Records drawn from a dataset
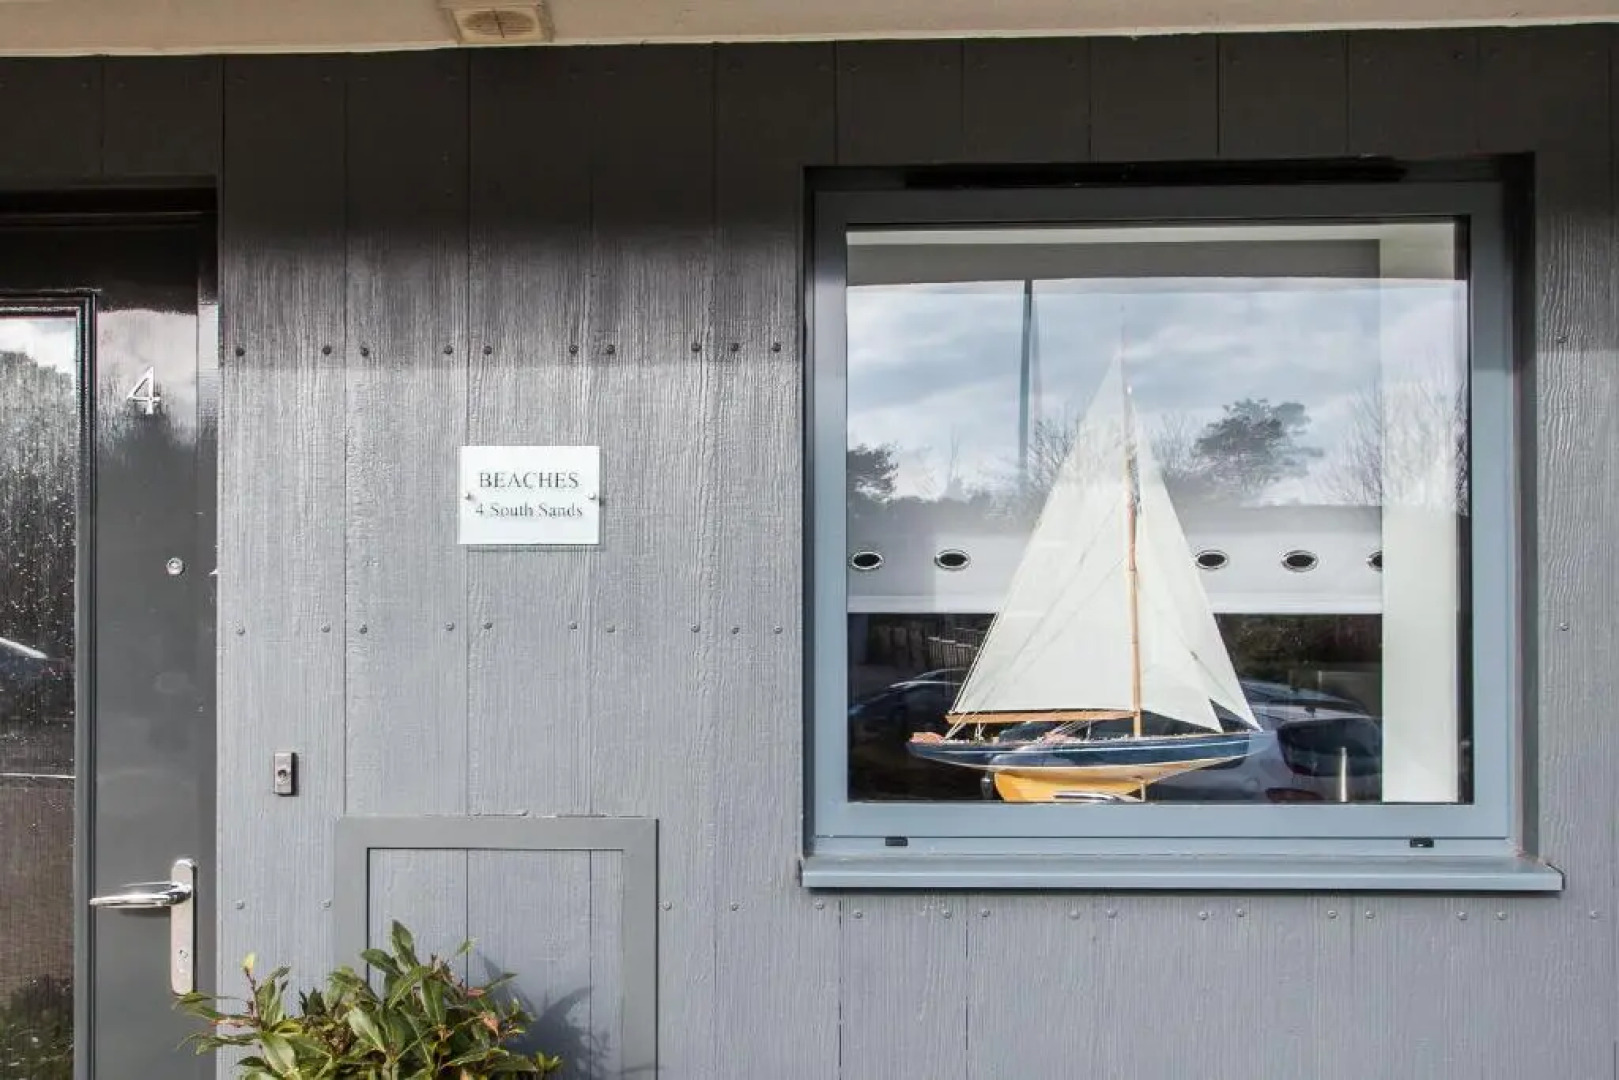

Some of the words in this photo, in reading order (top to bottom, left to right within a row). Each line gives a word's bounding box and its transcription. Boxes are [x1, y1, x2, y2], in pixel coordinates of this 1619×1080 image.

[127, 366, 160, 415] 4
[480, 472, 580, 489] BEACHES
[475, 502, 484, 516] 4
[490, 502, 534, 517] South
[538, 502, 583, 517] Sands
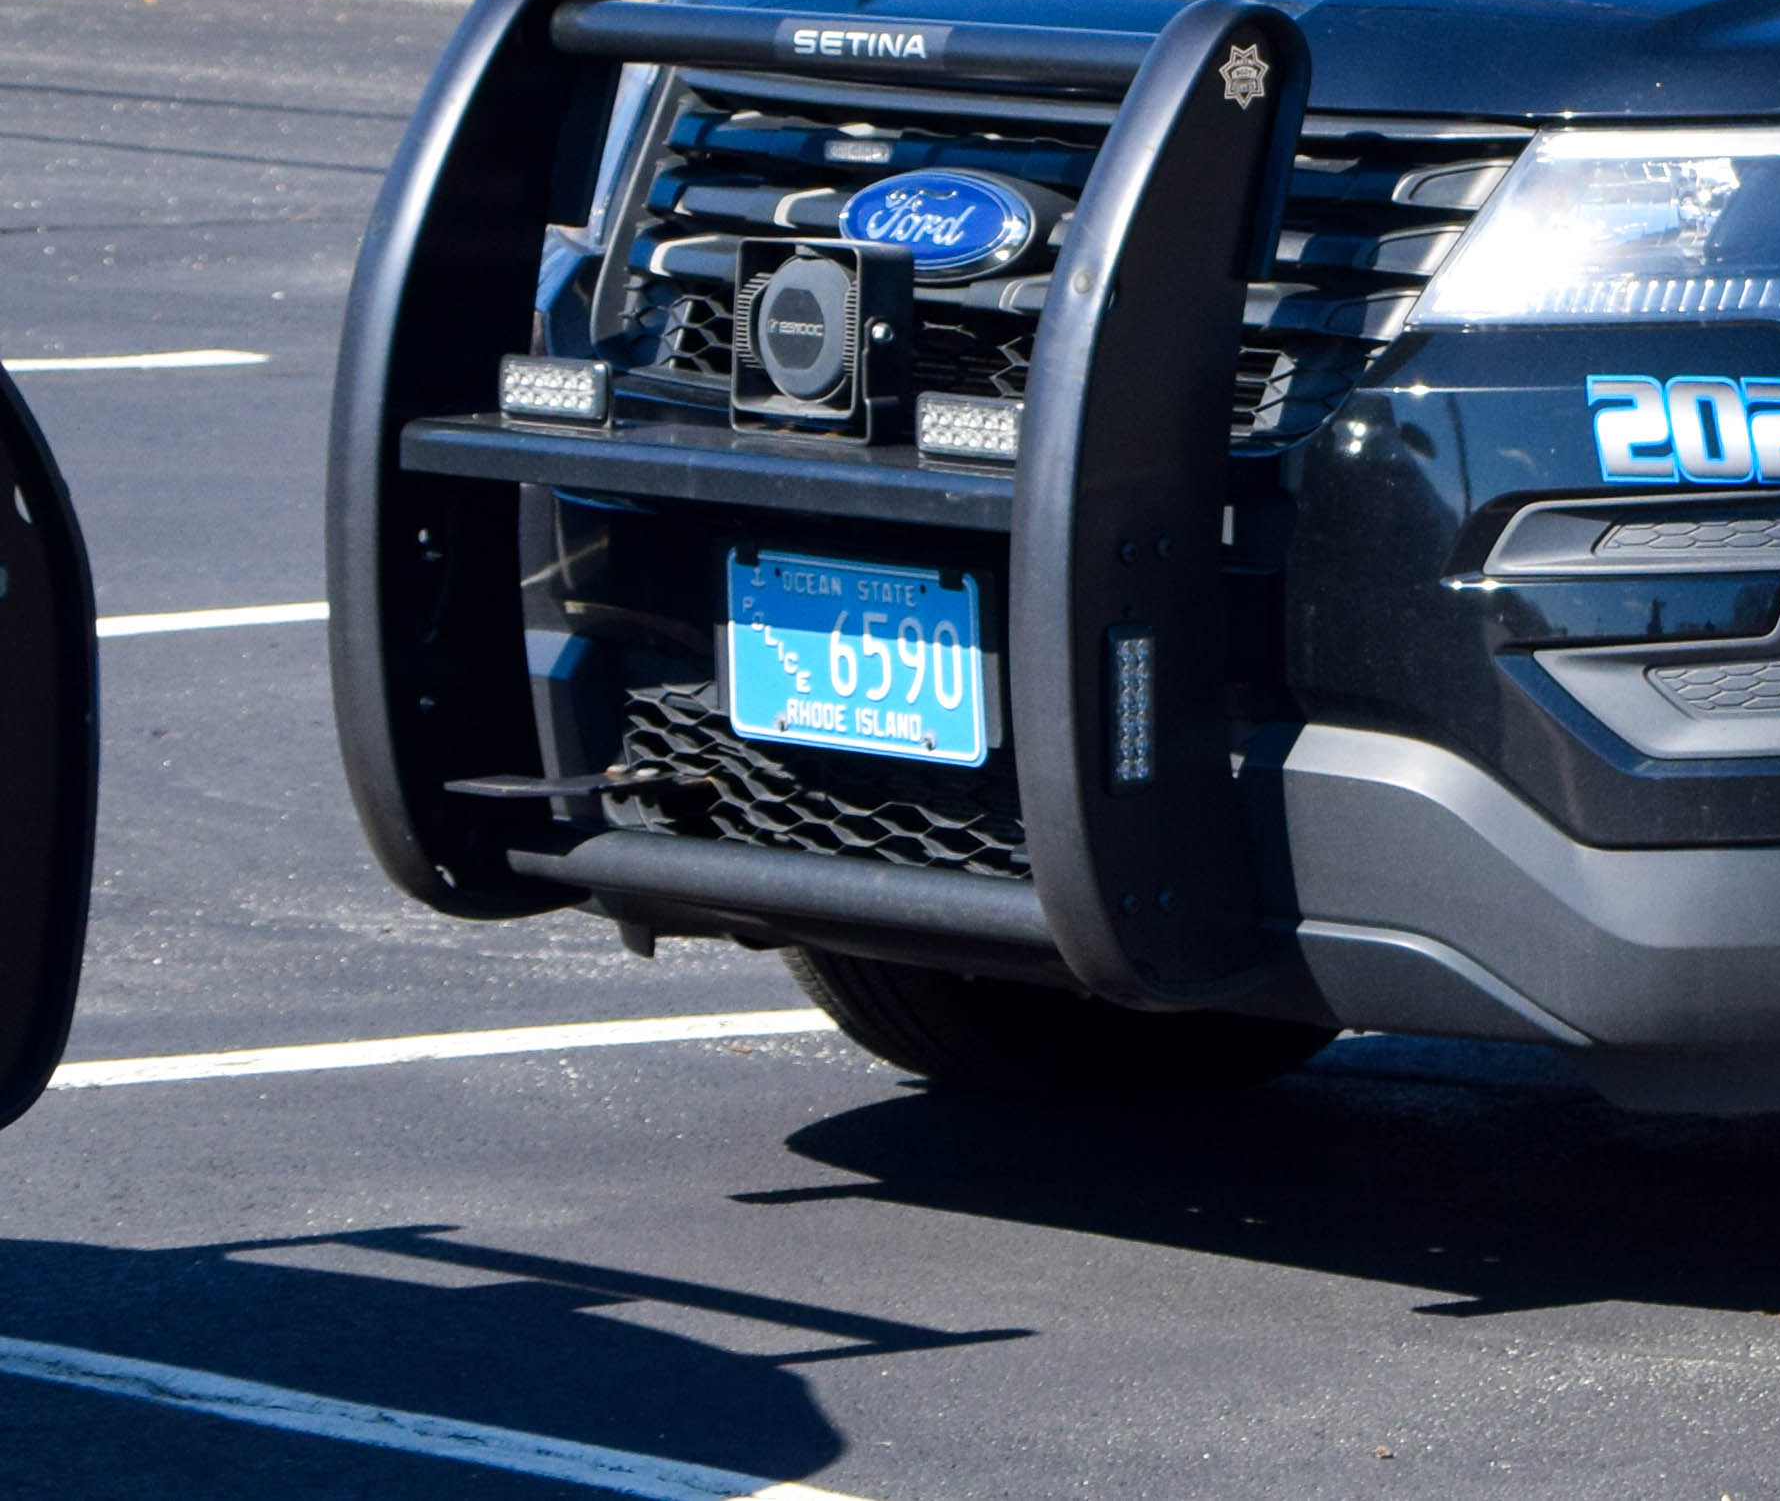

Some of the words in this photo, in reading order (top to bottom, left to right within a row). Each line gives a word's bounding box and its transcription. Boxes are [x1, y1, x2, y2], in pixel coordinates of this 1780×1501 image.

■ What you will do ■
Now write out the data word for word, skipping every picture in it.

■ Task result ■
Some of the words in this photo, in reading order (top to bottom, left to right within a row). Each line gives a word's bounding box and its transcription. Boxes are [x1, y1, x2, y2], in pixel coordinates of this 1619×1080 image.

[127, 366, 160, 415] 4
[480, 472, 580, 489] BEACHES
[475, 502, 484, 516] 4
[490, 502, 534, 517] South
[538, 502, 583, 517] Sands

Some of the words in this photo, in reading order (top to bottom, left to right within a row). Each line gives a word's bounding box and its transcription. Boxes are [x1, y1, x2, y2], in pixel coordinates of this 1780×1501 image.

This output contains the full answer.